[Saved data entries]
-- Opening Marker --

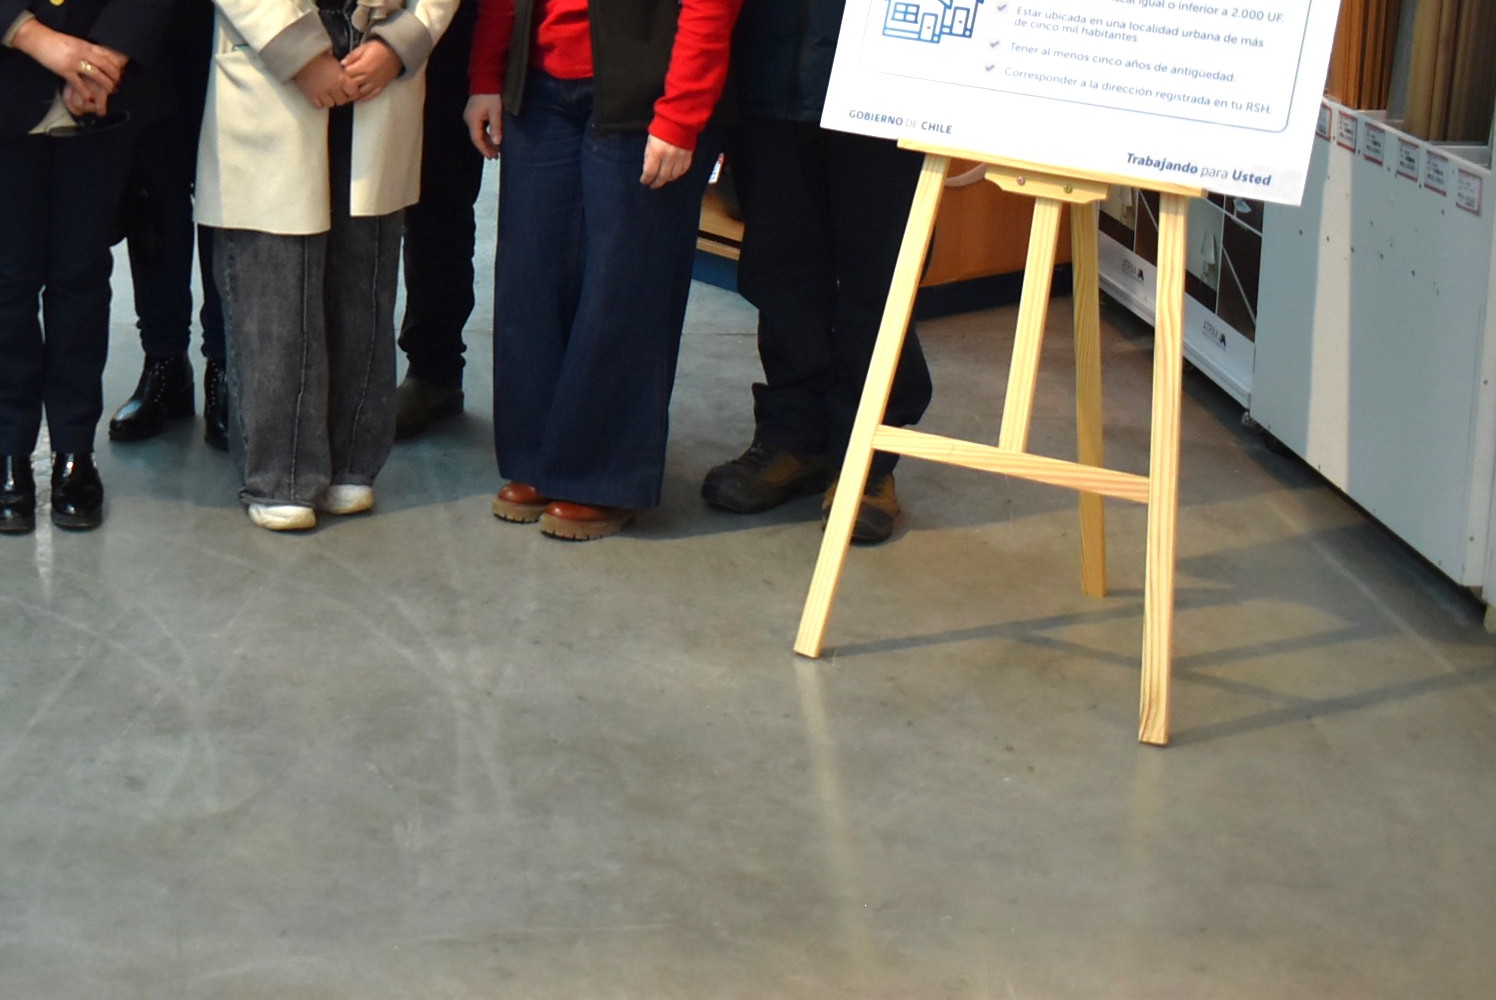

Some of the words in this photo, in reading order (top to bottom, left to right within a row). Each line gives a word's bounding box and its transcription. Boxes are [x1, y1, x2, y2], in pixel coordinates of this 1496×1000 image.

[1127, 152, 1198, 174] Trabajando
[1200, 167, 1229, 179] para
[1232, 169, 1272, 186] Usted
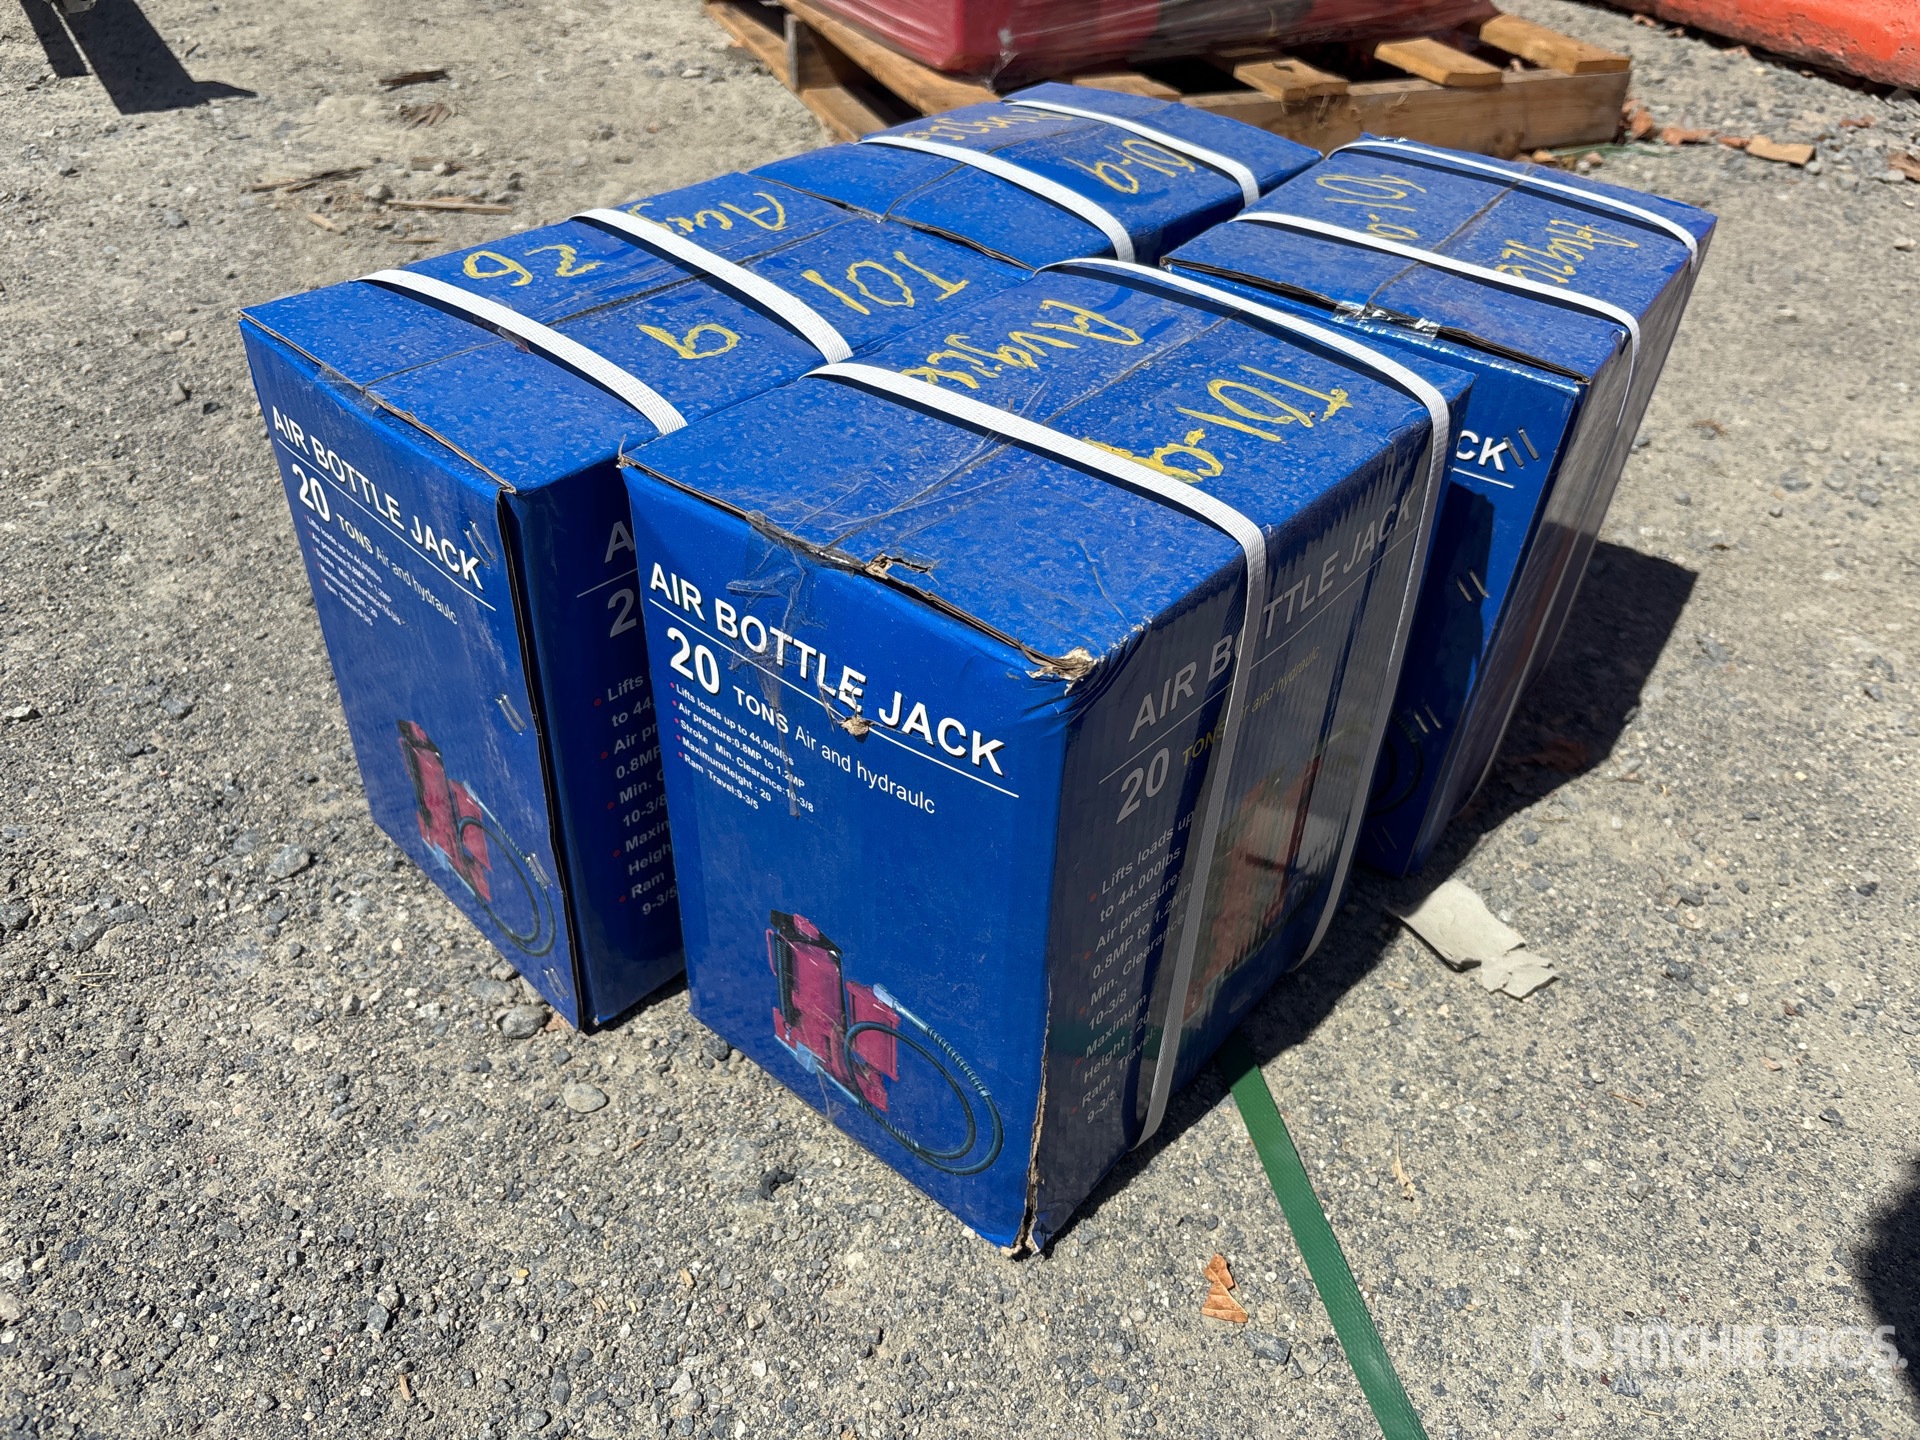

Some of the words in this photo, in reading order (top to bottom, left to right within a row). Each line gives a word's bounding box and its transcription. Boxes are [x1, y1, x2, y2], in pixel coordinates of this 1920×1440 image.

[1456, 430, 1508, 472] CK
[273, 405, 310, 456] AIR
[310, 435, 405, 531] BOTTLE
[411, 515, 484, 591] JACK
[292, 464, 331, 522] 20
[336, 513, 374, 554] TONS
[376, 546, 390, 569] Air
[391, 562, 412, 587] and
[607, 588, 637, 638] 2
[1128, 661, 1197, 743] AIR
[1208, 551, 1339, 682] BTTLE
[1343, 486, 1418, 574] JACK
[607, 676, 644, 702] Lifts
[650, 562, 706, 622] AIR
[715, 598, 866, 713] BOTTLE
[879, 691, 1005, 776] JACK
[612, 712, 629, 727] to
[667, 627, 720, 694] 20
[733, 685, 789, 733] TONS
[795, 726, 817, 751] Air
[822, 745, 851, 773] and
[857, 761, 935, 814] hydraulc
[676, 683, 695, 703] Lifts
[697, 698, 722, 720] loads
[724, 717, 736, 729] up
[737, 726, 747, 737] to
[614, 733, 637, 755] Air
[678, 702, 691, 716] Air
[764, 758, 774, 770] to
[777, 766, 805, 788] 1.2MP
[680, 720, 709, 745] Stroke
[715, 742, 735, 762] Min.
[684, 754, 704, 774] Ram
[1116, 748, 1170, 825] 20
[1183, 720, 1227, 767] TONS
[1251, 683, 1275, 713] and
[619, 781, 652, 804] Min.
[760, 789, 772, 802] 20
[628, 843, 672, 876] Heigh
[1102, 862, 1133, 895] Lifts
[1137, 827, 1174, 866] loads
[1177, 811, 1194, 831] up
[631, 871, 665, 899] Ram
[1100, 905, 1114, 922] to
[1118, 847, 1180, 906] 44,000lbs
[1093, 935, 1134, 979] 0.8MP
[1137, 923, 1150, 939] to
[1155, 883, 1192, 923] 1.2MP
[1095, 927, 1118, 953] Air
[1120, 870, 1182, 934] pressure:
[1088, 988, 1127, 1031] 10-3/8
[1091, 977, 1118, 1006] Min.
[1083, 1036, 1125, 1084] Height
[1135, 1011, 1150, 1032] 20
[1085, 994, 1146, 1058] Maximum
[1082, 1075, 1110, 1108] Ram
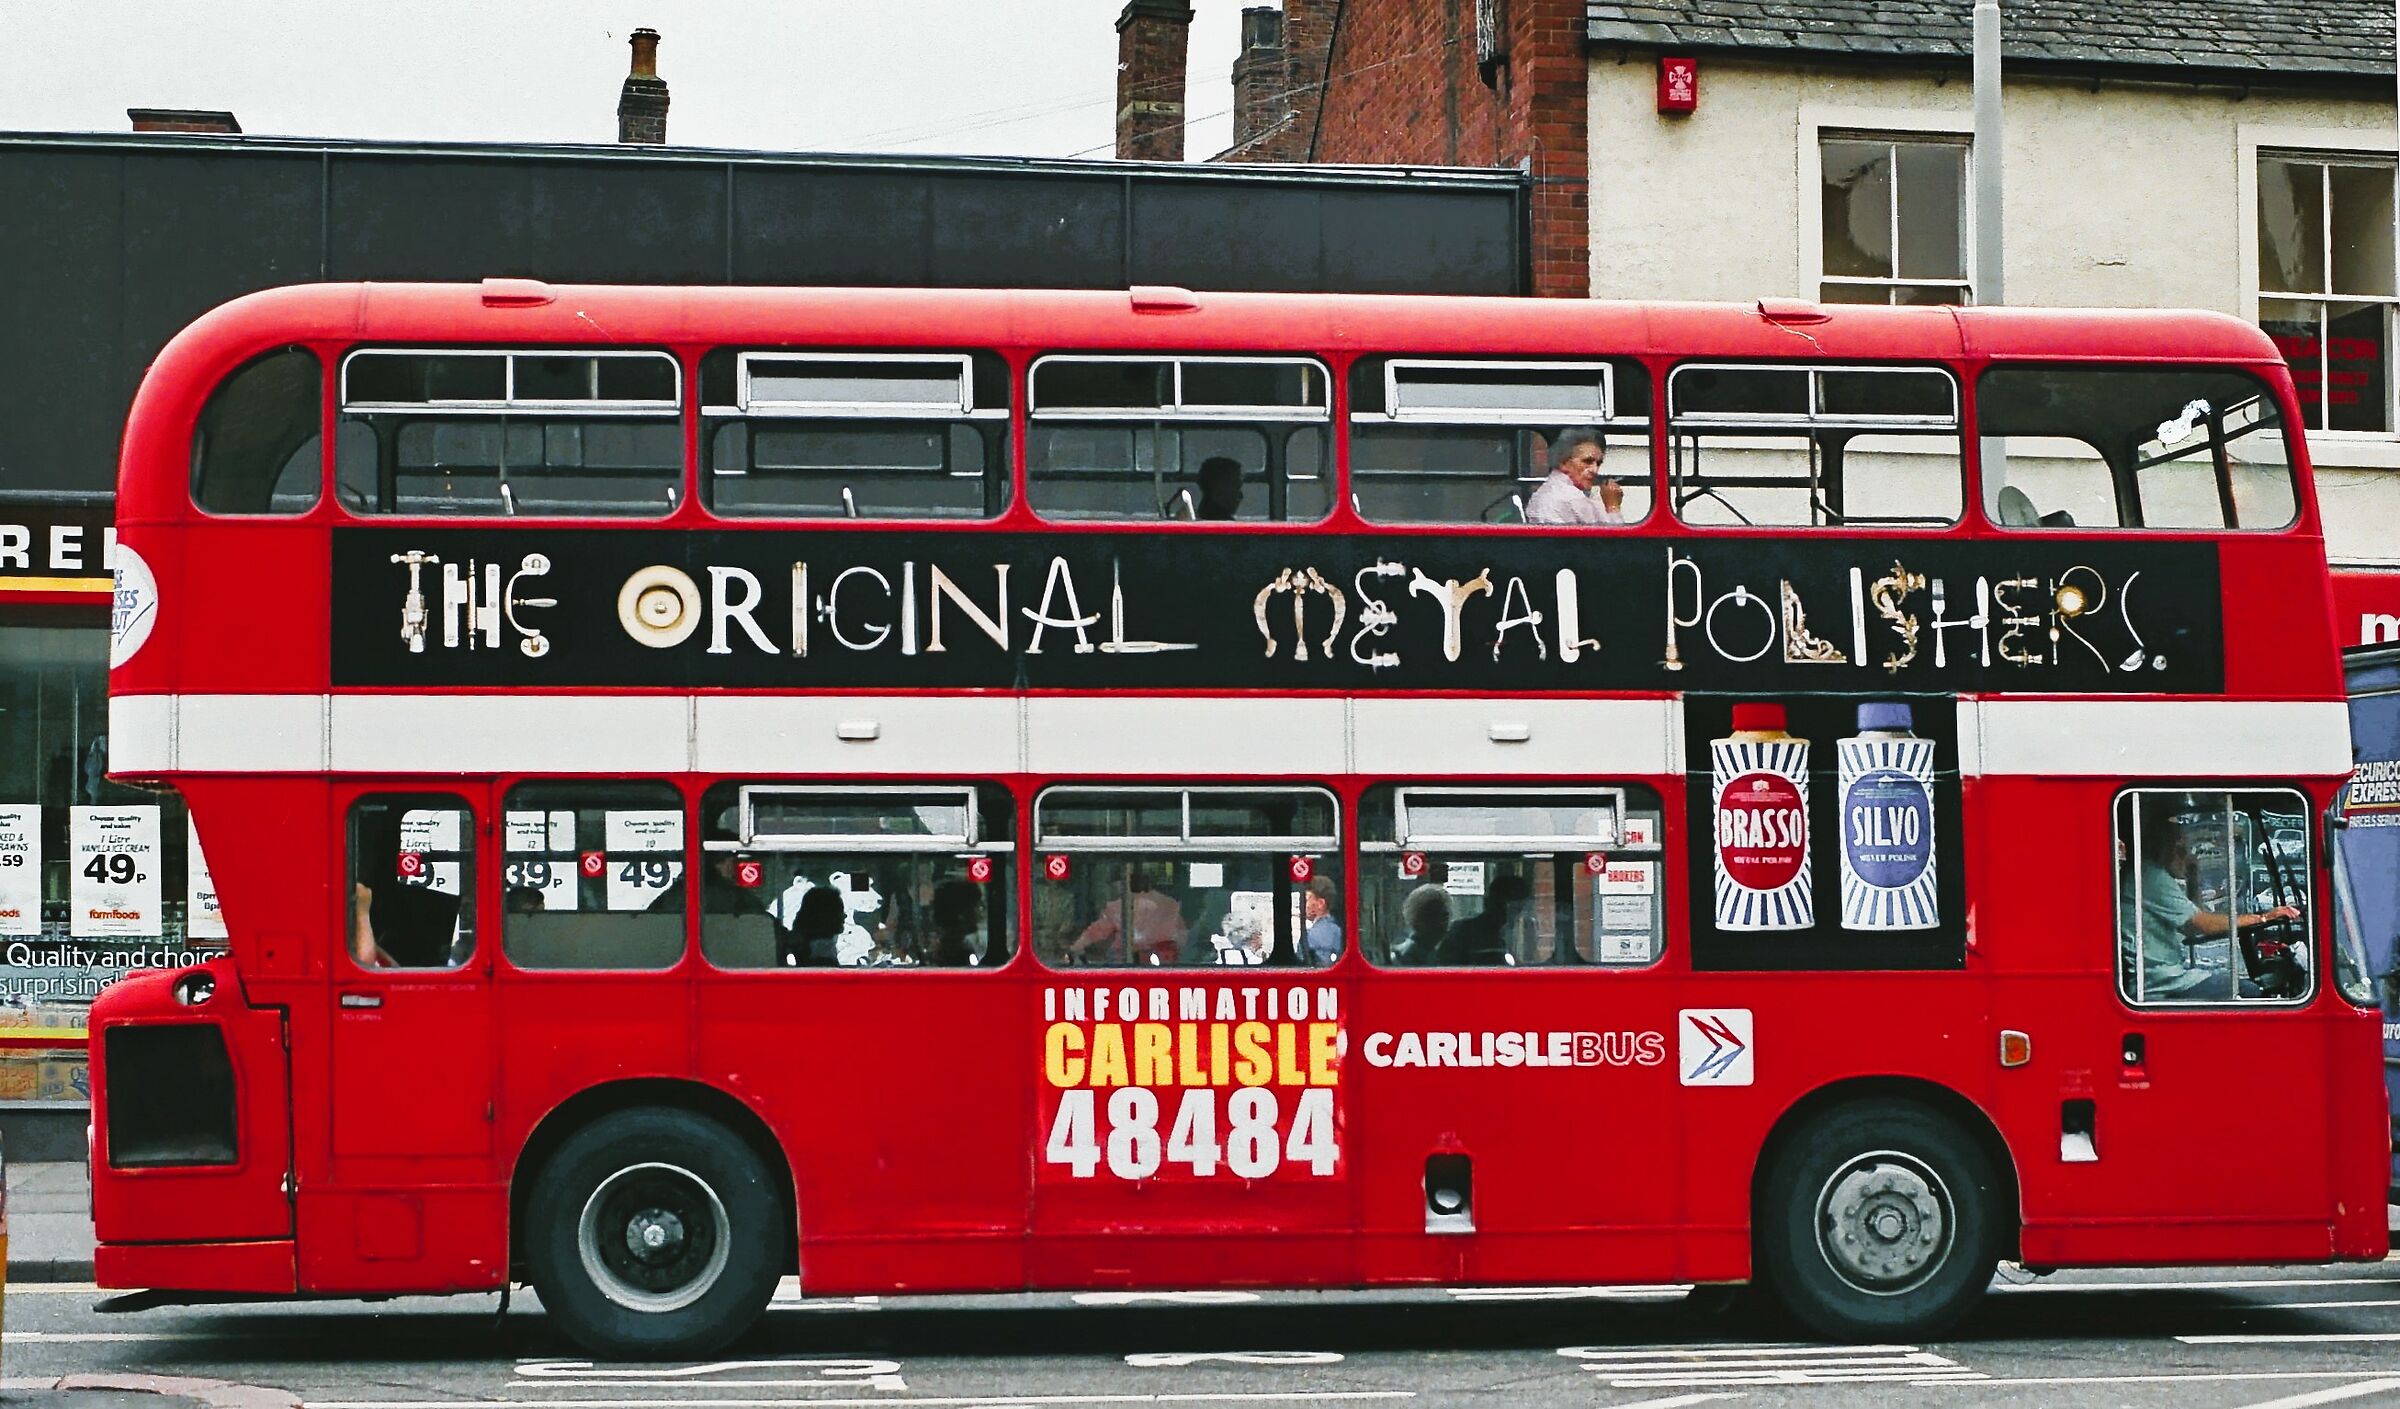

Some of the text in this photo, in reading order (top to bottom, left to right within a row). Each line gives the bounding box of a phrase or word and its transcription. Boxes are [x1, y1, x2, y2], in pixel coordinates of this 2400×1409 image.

-- Closing Marker --

= Task instructions =
Output each record above word for word, leaving out images.

= Written answer =
Some of the words in this photo, in reading order (top to bottom, left to right within a row). Each line gives a word's bounding box and its transcription. Boxes are [x1, y1, x2, y2], in pixel coordinates of this 1496×1000 image.

[1127, 152, 1198, 174] Trabajando
[1200, 167, 1229, 179] para
[1232, 169, 1272, 186] Usted

Some of the words in this photo, in reading order (top to bottom, left to right within a row). Each line gives a word's bounding box and its transcription. Boxes are [x1, y1, x2, y2], in pixel coordinates of this 1920×1440 image.

[1456, 430, 1508, 472] CK
[273, 405, 310, 456] AIR
[310, 435, 405, 531] BOTTLE
[411, 515, 484, 591] JACK
[292, 464, 331, 522] 20
[336, 513, 374, 554] TONS
[376, 546, 390, 569] Air
[391, 562, 412, 587] and
[607, 588, 637, 638] 2
[1128, 661, 1197, 743] AIR
[1208, 551, 1339, 682] BTTLE
[1343, 486, 1418, 574] JACK
[607, 676, 644, 702] Lifts
[650, 562, 706, 622] AIR
[715, 598, 866, 713] BOTTLE
[879, 691, 1005, 776] JACK
[612, 712, 629, 727] to
[667, 627, 720, 694] 20
[733, 685, 789, 733] TONS
[795, 726, 817, 751] Air
[822, 745, 851, 773] and
[857, 761, 935, 814] hydraulc
[676, 683, 695, 703] Lifts
[697, 698, 722, 720] loads
[724, 717, 736, 729] up
[737, 726, 747, 737] to
[614, 733, 637, 755] Air
[678, 702, 691, 716] Air
[764, 758, 774, 770] to
[777, 766, 805, 788] 1.2MP
[680, 720, 709, 745] Stroke
[715, 742, 735, 762] Min.
[684, 754, 704, 774] Ram
[1116, 748, 1170, 825] 20
[1183, 720, 1227, 767] TONS
[1251, 683, 1275, 713] and
[619, 781, 652, 804] Min.
[760, 789, 772, 802] 20
[628, 843, 672, 876] Heigh
[1102, 862, 1133, 895] Lifts
[1137, 827, 1174, 866] loads
[1177, 811, 1194, 831] up
[631, 871, 665, 899] Ram
[1100, 905, 1114, 922] to
[1118, 847, 1180, 906] 44,000lbs
[1093, 935, 1134, 979] 0.8MP
[1137, 923, 1150, 939] to
[1155, 883, 1192, 923] 1.2MP
[1095, 927, 1118, 953] Air
[1120, 870, 1182, 934] pressure:
[1088, 988, 1127, 1031] 10-3/8
[1091, 977, 1118, 1006] Min.
[1083, 1036, 1125, 1084] Height
[1135, 1011, 1150, 1032] 20
[1085, 994, 1146, 1058] Maximum
[1082, 1075, 1110, 1108] Ram

Some of the text in this photo, in reading order (top to bottom, left to right within a row). Each line gives the bounding box of a phrase or word and its transcription. Boxes are [x1, y1, x2, y2], in pixel coordinates of this 2400×1409 image.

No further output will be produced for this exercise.